They crept along the embankment until they came to the spot below which,
about twenty yards from the line, stood the telegraph cabin. Will told
Azito to go forward until he could see the side in which the window was.
In a few minutes the Indian returned and reported that there was no
light in the cabin.  Will supposed that he had come too early: the
message was not expected before midnight.  Yet it was strange that a man
had not been left at the cabin to give Machado notice if any
communication was made.  It was strange, indeed, that Machado himself,
considering the importance of the expected message, had not thought it
worth while, or been ordered by the General, to remain constantly on
duty.  Will was so much surprised that he determined to creep down to
the cabin and see for himself.  Perhaps Machado might be taking a nap in
the dark.  If he were not there, Will thought it possible to remain in
hiding between the cabin and the line, seize Machado when he arrived,
and wring out of him the information he desired.

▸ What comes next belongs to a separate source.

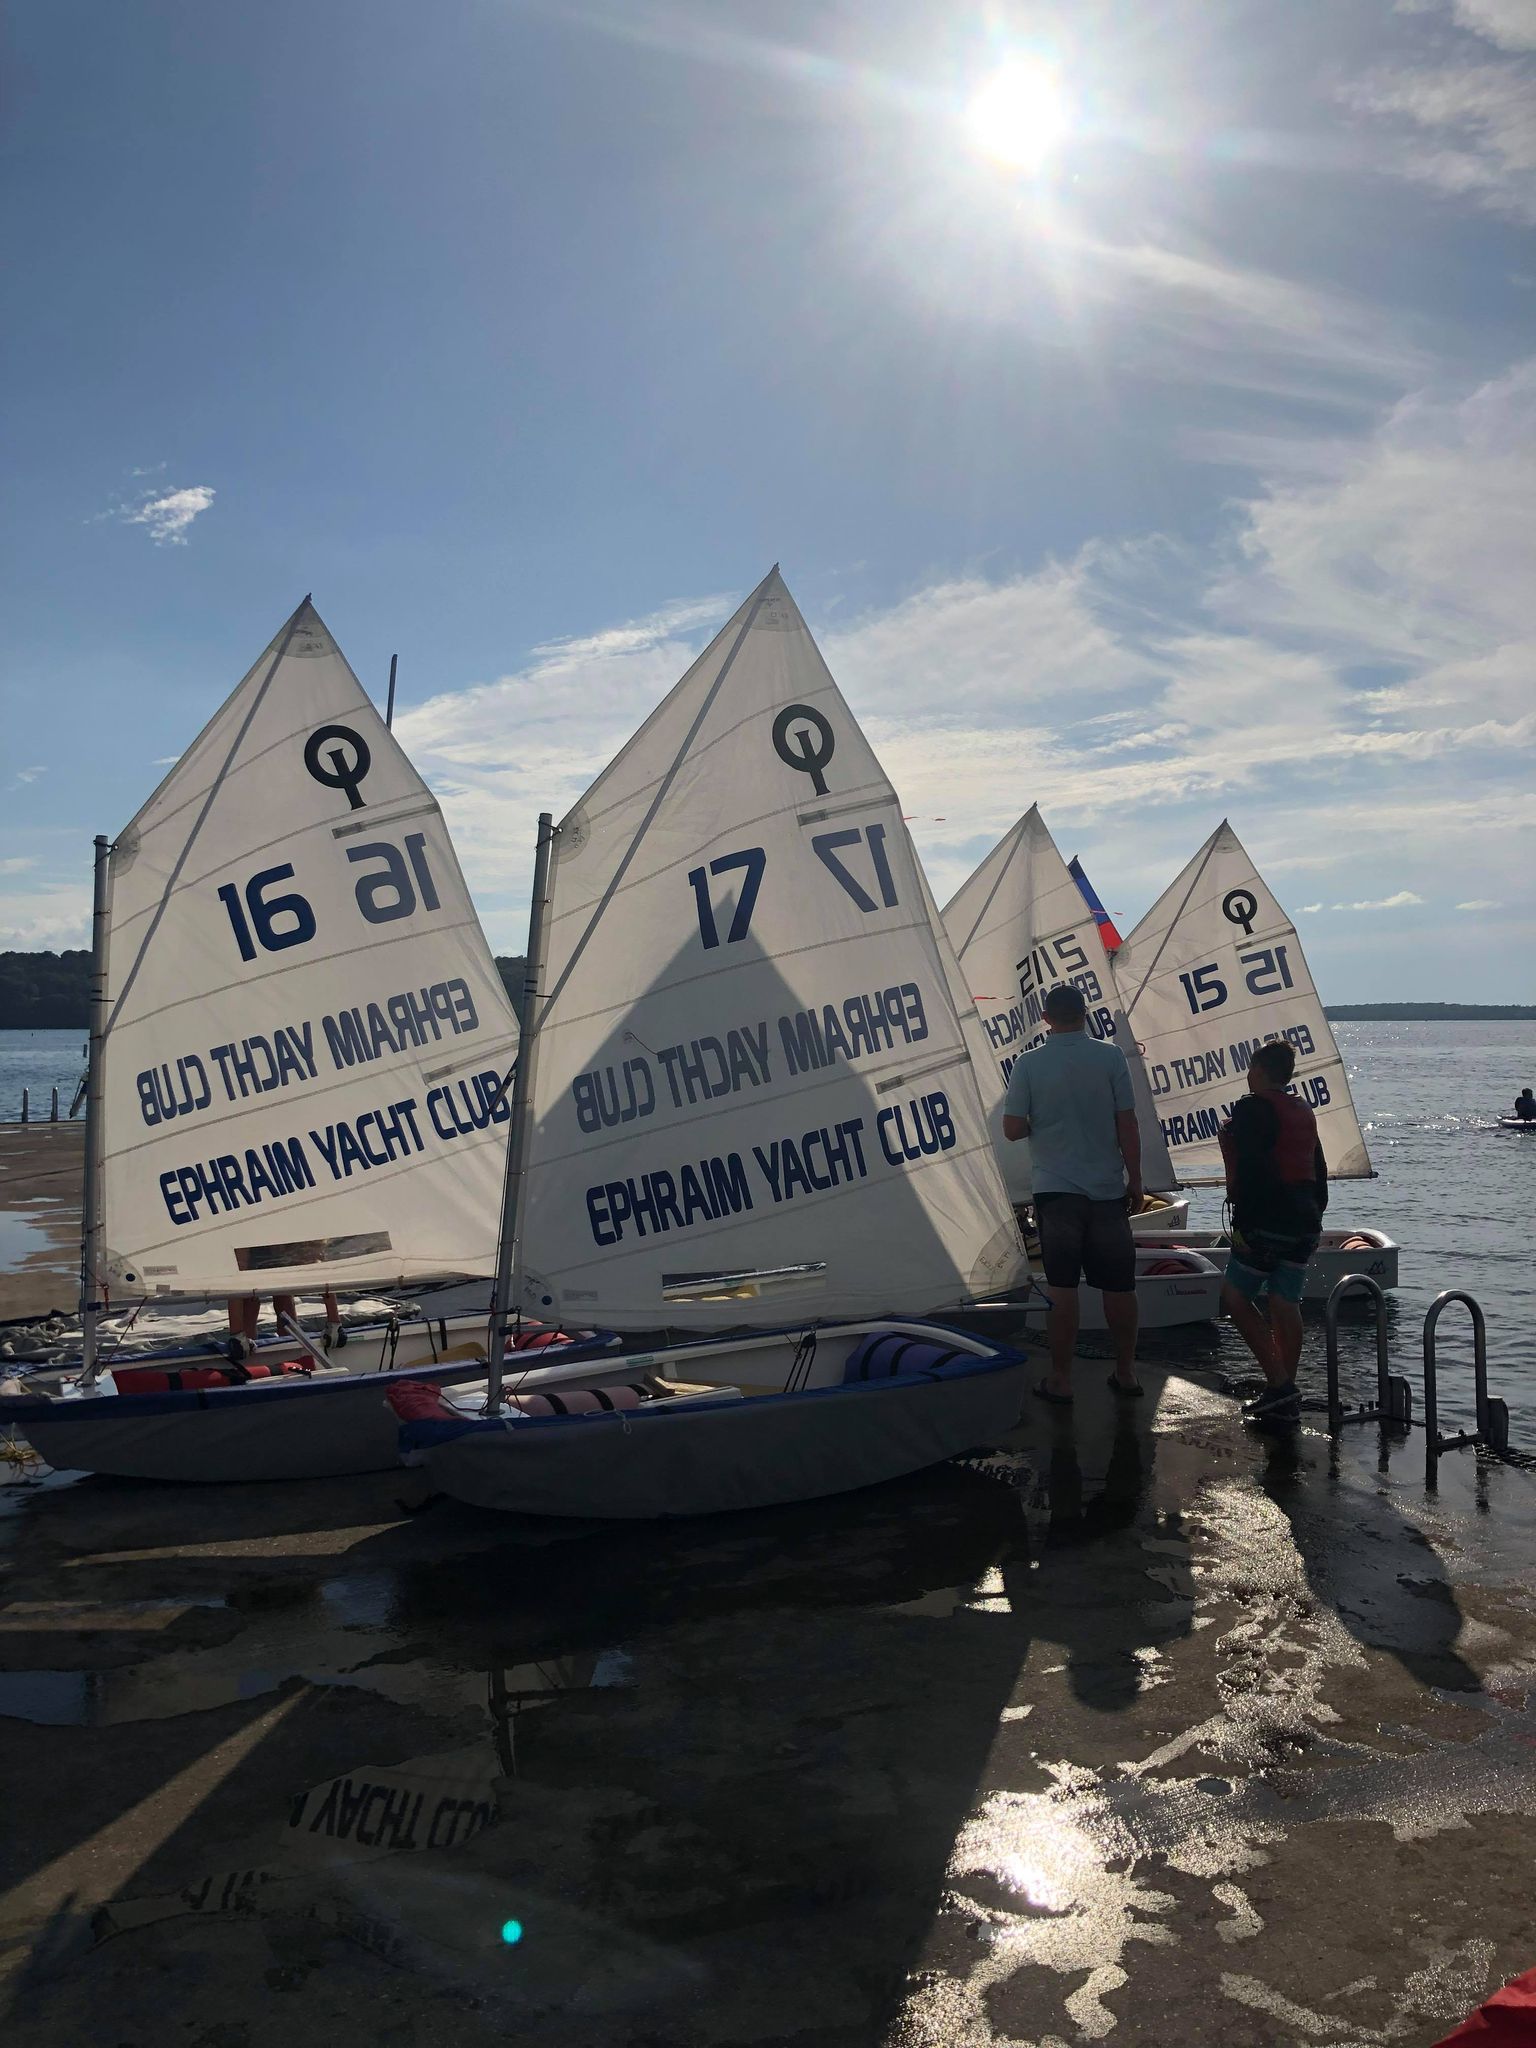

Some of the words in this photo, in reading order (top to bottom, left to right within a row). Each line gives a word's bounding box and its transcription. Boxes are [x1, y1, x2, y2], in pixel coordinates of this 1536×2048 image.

Bidding Azito remain on guard and warn him if he saw any sign of danger,
Will descended the embankment on hands and heels and stole forward to
the cabin.  He listened at the wall.  There was no sound from within.
The door faced the hacienda.  Will peeped round the corner.  The nearest
tents were at least a hundred yards distant, and the fires were so low
that they seemed to make the darkness only the more intense where their
light did not directly fall.  He crept round to the door, noiselessly
lifted the latch, and, listening with his heart in his mouth, stepped
in.  It was pitch dark.  There was not a sound.  Grasping his revolver,
he moved forward on tip-toe.  He remembered clearly the position of the
table and chair, and groped towards them, putting out his feet
stealthily so that he should not knock against them and make a noise.
The table and chair were not where they had been.  He touched the wall,
and moved along inch by inch.  To his amazement, the cabin was bare.
Table, chair, telegraph instrument--all had been removed.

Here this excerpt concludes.